Provided material -
►

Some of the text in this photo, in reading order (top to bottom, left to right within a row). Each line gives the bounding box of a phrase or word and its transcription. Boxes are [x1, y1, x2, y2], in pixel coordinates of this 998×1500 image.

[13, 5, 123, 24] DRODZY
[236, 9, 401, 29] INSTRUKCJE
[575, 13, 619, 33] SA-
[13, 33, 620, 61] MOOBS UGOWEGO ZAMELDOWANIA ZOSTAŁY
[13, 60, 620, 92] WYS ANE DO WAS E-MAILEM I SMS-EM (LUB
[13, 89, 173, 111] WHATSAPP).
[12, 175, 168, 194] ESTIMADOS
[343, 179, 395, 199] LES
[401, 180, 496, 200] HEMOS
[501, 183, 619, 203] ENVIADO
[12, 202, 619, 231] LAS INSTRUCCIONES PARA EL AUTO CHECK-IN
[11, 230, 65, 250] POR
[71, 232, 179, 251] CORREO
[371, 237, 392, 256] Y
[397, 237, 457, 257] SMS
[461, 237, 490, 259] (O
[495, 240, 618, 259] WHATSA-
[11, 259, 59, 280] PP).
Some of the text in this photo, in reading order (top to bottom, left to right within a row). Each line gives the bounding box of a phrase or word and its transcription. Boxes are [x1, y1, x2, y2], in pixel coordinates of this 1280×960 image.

◄
►

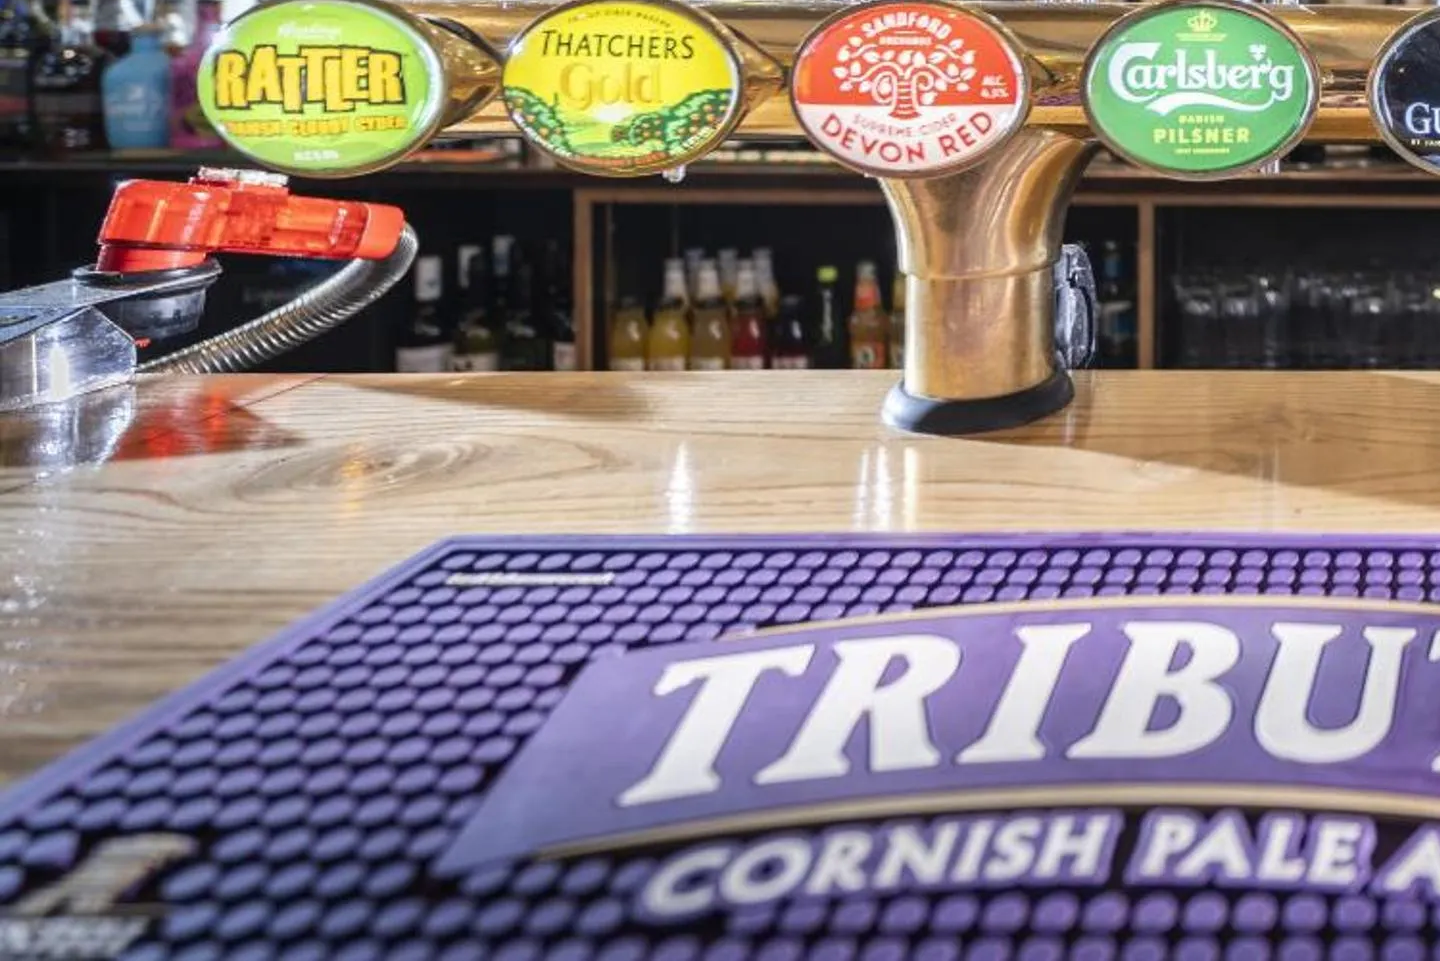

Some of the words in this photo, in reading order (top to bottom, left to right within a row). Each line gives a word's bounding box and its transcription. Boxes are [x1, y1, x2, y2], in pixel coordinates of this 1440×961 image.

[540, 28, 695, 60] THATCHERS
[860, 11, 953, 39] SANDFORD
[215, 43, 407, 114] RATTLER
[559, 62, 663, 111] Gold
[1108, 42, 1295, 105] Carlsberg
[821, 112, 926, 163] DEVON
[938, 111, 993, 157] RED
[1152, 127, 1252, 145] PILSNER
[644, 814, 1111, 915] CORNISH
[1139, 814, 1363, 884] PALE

◄

Assigned task - Give the exact lines, and only those, from the line containing "this 998×1500 image." through the line containing "this 1280×960 image." in the entries above.

Task result -
Some of the text in this photo, in reading order (top to bottom, left to right within a row). Each line gives the bounding box of a phrase or word and its transcription. Boxes are [x1, y1, x2, y2], in pixel coordinates of this 998×1500 image.

[13, 5, 123, 24] DRODZY
[236, 9, 401, 29] INSTRUKCJE
[575, 13, 619, 33] SA-
[13, 33, 620, 61] MOOBS UGOWEGO ZAMELDOWANIA ZOSTAŁY
[13, 60, 620, 92] WYS ANE DO WAS E-MAILEM I SMS-EM (LUB
[13, 89, 173, 111] WHATSAPP).
[12, 175, 168, 194] ESTIMADOS
[343, 179, 395, 199] LES
[401, 180, 496, 200] HEMOS
[501, 183, 619, 203] ENVIADO
[12, 202, 619, 231] LAS INSTRUCCIONES PARA EL AUTO CHECK-IN
[11, 230, 65, 250] POR
[71, 232, 179, 251] CORREO
[371, 237, 392, 256] Y
[397, 237, 457, 257] SMS
[461, 237, 490, 259] (O
[495, 240, 618, 259] WHATSA-
[11, 259, 59, 280] PP).
Some of the text in this photo, in reading order (top to bottom, left to right within a row). Each line gives the bounding box of a phrase or word and its transcription. Boxes are [x1, y1, x2, y2], in pixel coordinates of this 1280×960 image.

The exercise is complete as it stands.